Researchers at Mount Sinai School of Medicine believe they’ve found a way to prevent relapse after immuno-oncology treatment, and it involves controlling a protein called FAS.
The team discovered that non-Hodgkin lymphoma patients with significantly high levels of FAS in their tumors had durable responses to CAR-T treatments in a clinical trial. When they used small-molecule drugs in lab experiments to dial up FAS signaling in tumor cells, that improved the ability of immune cells to attack the cancer, they reported in the journal Cancer Discovery.
Immunotherapies like CAR-T cells target antigens on the tumor cells such as CD19. But some cancer cells don’t have CD19 on their surface at all, while others evolve so they can escape immunotherapies by no longer expressing the antigen.
The Mount Sinai team discovered that immuno-oncology treatments that rely on immune cells like T cells don’t just kill their targets, they often also attack adjacent cancer cells with the help of FAS. That occurs even if those adjacent cells don’t express the target antigen.

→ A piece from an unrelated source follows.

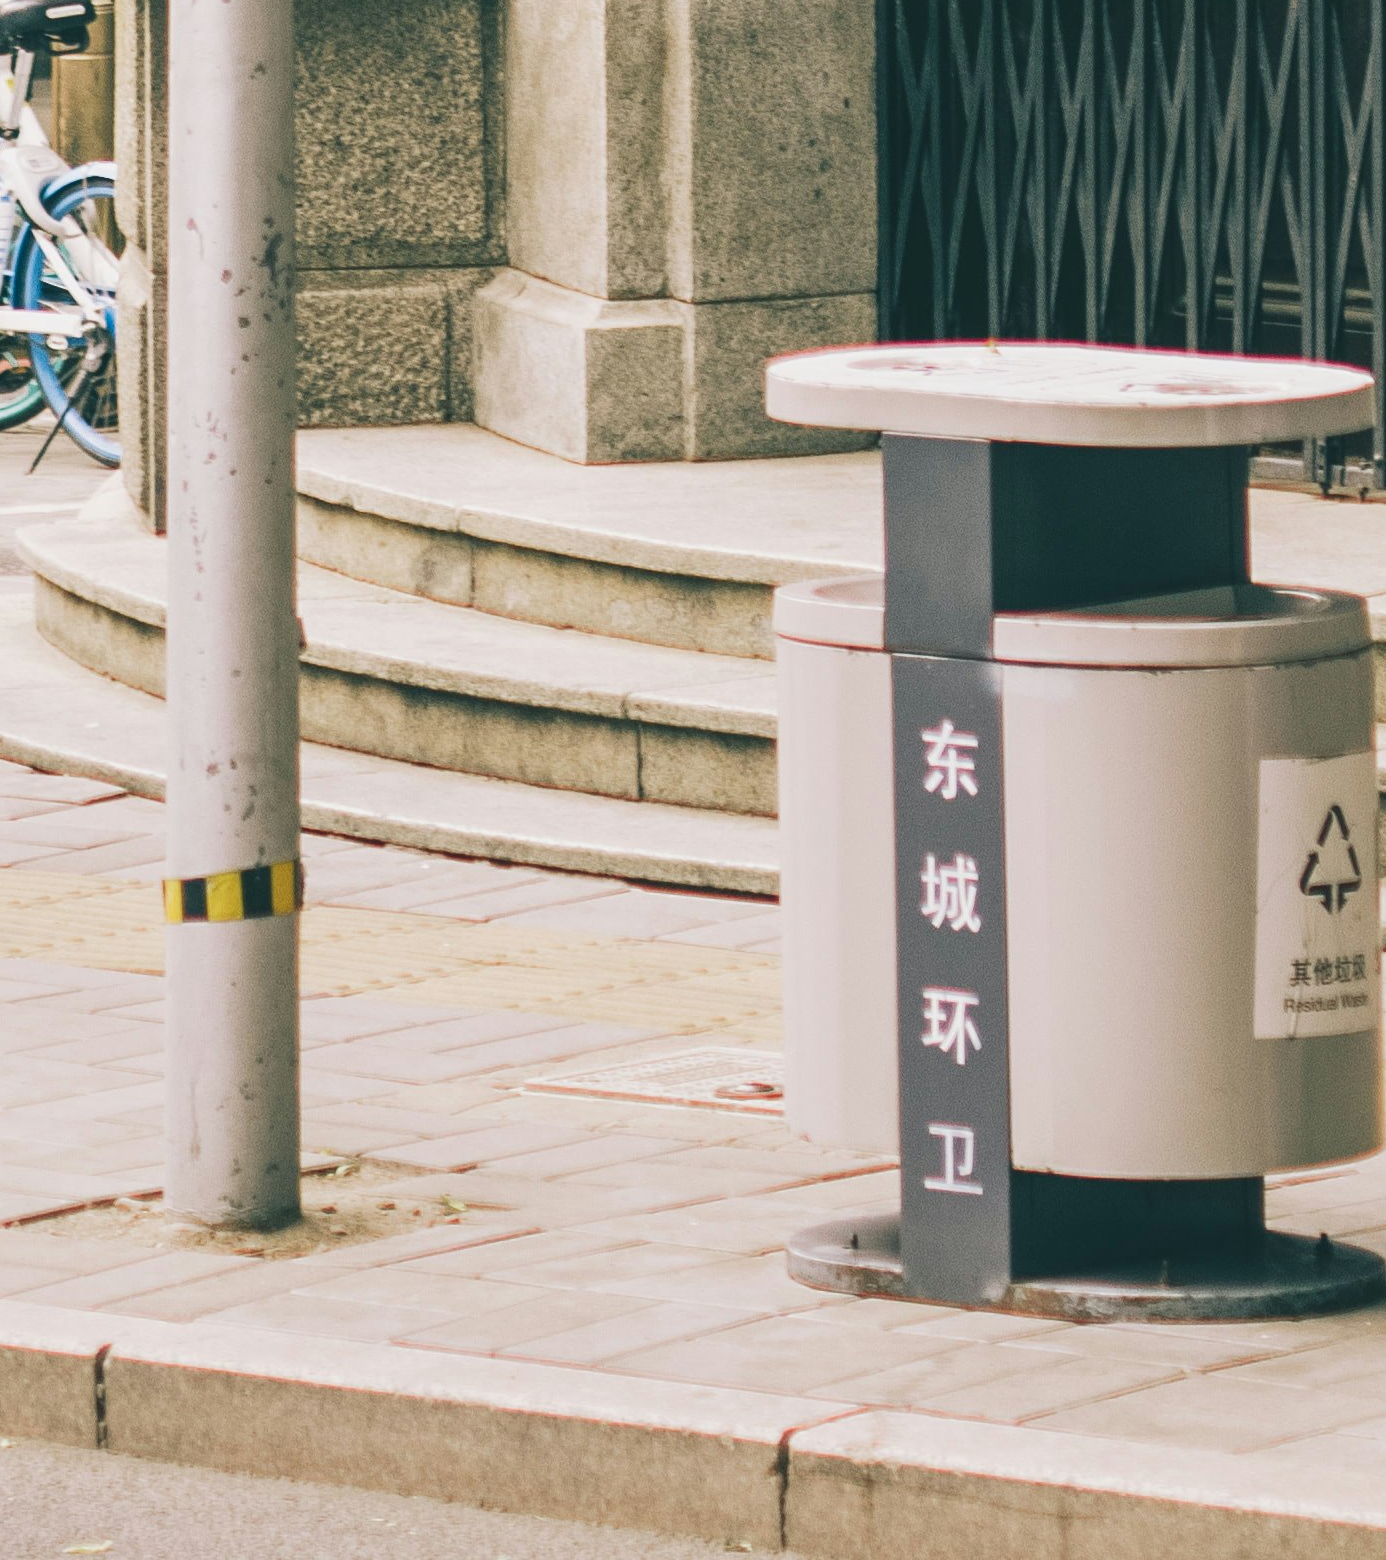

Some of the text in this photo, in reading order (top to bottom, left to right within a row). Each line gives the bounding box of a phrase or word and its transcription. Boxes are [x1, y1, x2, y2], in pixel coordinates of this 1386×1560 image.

[920, 719, 985, 1197] 东城环卫
[1290, 953, 1367, 987] 其他垃圾

To better understand this process, the researchers analyzed tumor samples from non-Hodgkin lymphoma patients who participated in the ZUMA-1 trial of Gilead’s CAR-T therapy Yescarta. They found patients with the most durable responses to the CAR-T treatment had significantly higher FAS expression in their tumors than other study participants did, despite the fact that their levels of CD19 were similar.

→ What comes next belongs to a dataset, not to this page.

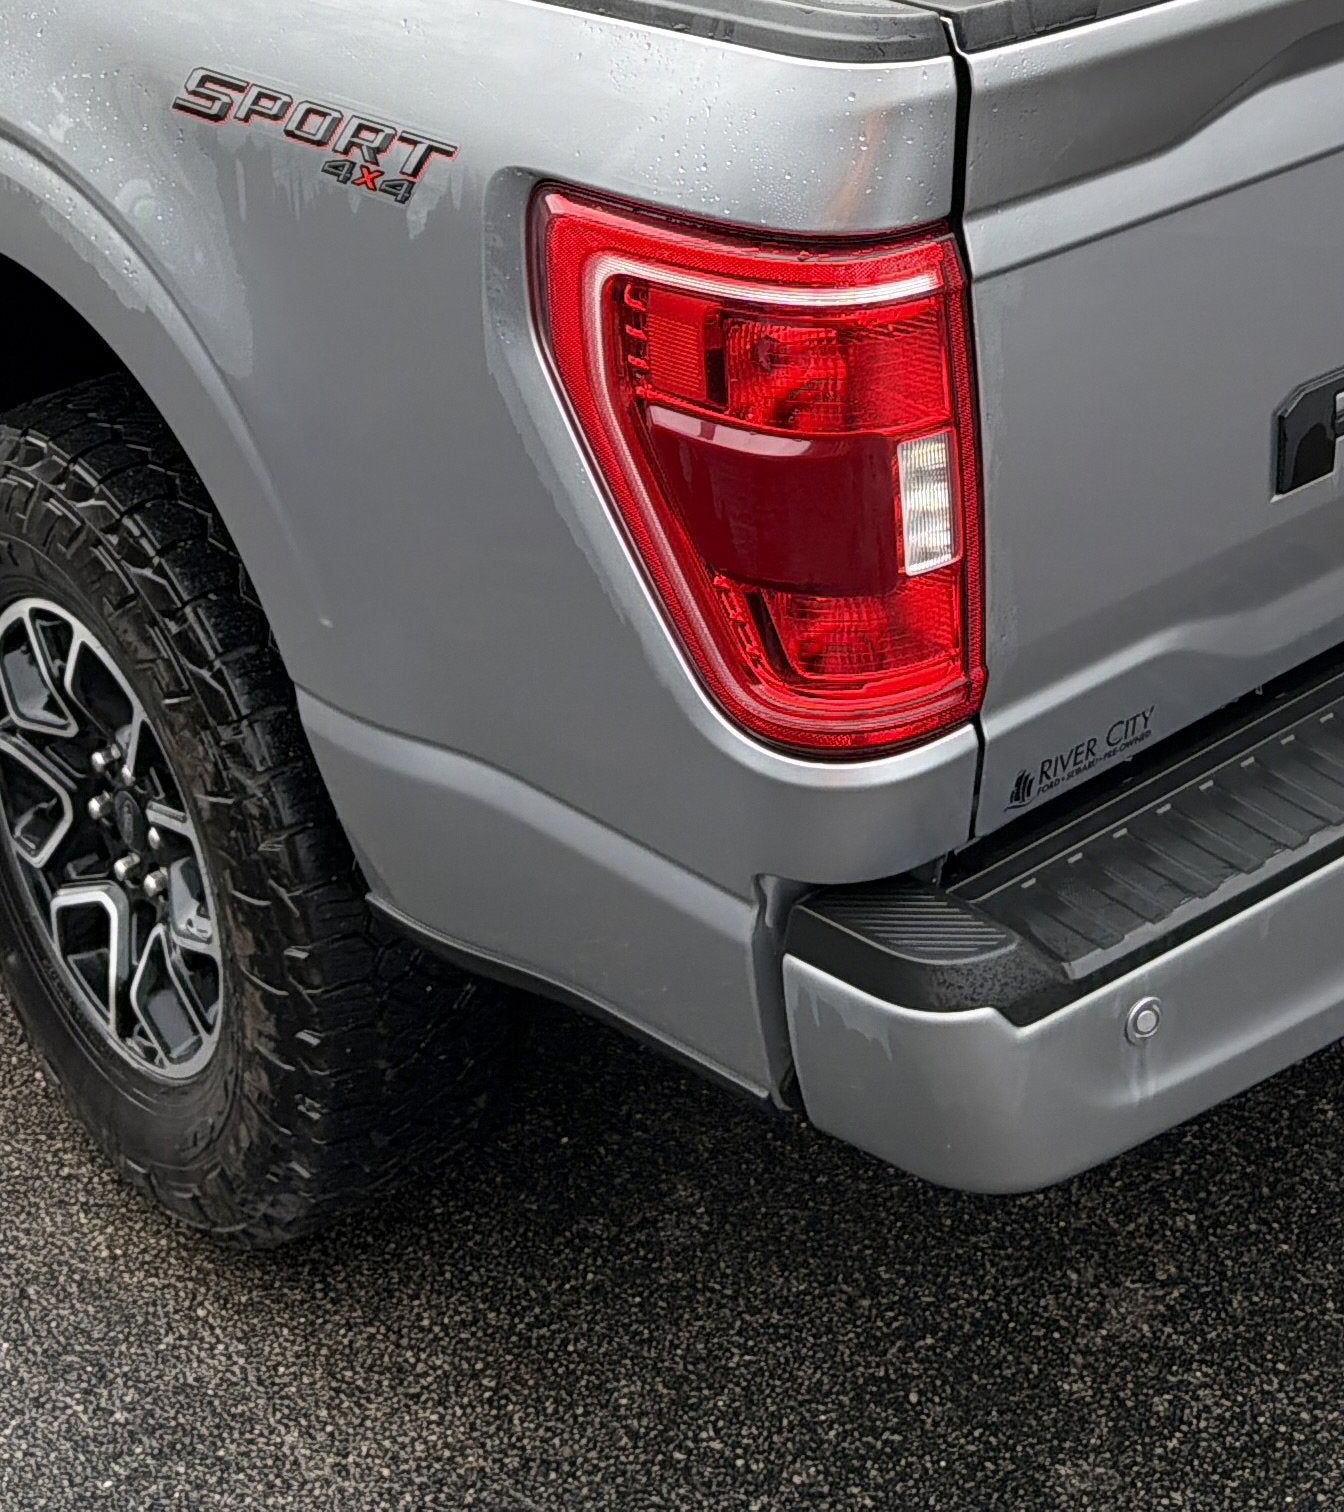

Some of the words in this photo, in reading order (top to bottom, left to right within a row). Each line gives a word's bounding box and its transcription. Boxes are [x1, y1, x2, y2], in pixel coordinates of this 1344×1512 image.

[171, 66, 458, 180] SPORT
[1038, 738, 1098, 785] RIVER
[1106, 705, 1155, 747] CITY

The researchers also tested CD19-directed CAR-T therapies in several mouse models, including some with “heterogenous” tumors that included a small percentage of CD19-negative cells. In the mice with heterogenous tumors, blocking FAS resulted in significantly worse survival than it did in animals with 100% CD19-positive cells, the researchers reported.
Those results suggest FAS signaling is critical for CAR-T cells to be able to target the CD19-negative cells that may be to blame for cancer relapse, they added.

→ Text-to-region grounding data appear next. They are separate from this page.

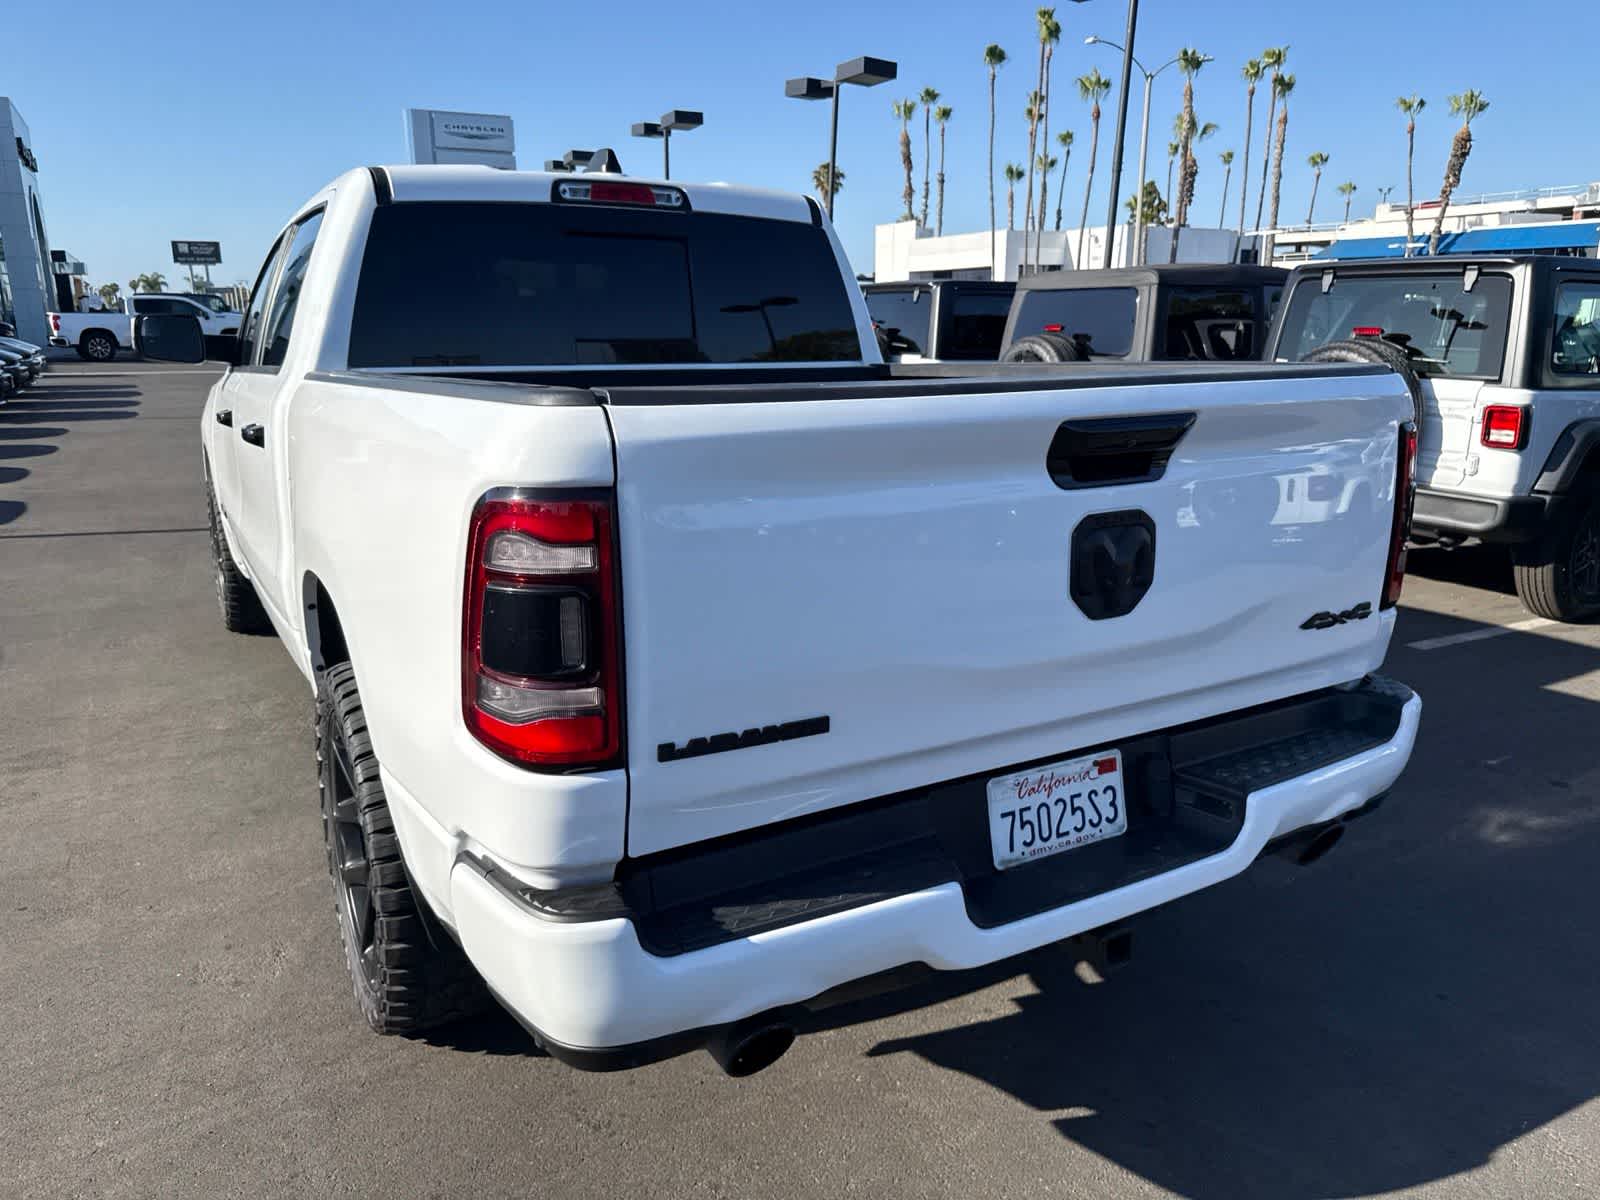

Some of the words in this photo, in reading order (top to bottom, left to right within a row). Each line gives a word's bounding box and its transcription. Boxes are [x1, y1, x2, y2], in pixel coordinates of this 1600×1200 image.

[444, 123, 505, 134] CHRYSLER
[656, 715, 831, 763] LARAM
[1014, 768, 1098, 800] California
[1000, 784, 1119, 853] 75025S3
[1028, 831, 1097, 856] dmv.ca.gov

It’s the latest study examining the role of protein signaling in immuno-oncology. Over the summer, researchers in China showed in mouse models that if they combined an experimental drug from Merck that inhibits protein kinase B (AKT) with a PD-1 inhibitor, they could interrupt a cell-signaling pathway and slow down the growth of glioblastoma. A team in Spain discovered that if they blocked a specific non-coding RNA, they could amp up protein signals that recruit cancer-killing immune cells to lung tumors in mice.
The Mount Sinai researchers tested small-molecule drugs that increase FAS signaling as part of their study. They reported that in lab studies, the drugs increased the killing of both targeted and adjacent tumor cells by T cells, CAR-Ts and bispecific antibodies. The drugs they used are already being tested in clinical trials in cancer, they reported.
“We propose that investigating combinations of these clinical-stage small molecule FAS signaling modulators with T cell therapies should be a focus of future research,” the researchers wrote in the study. “These approaches may prevent—rather than treat—cancer relapse due to antigen escape by targeting both tumor cell antigens as well as tumor cell geography.”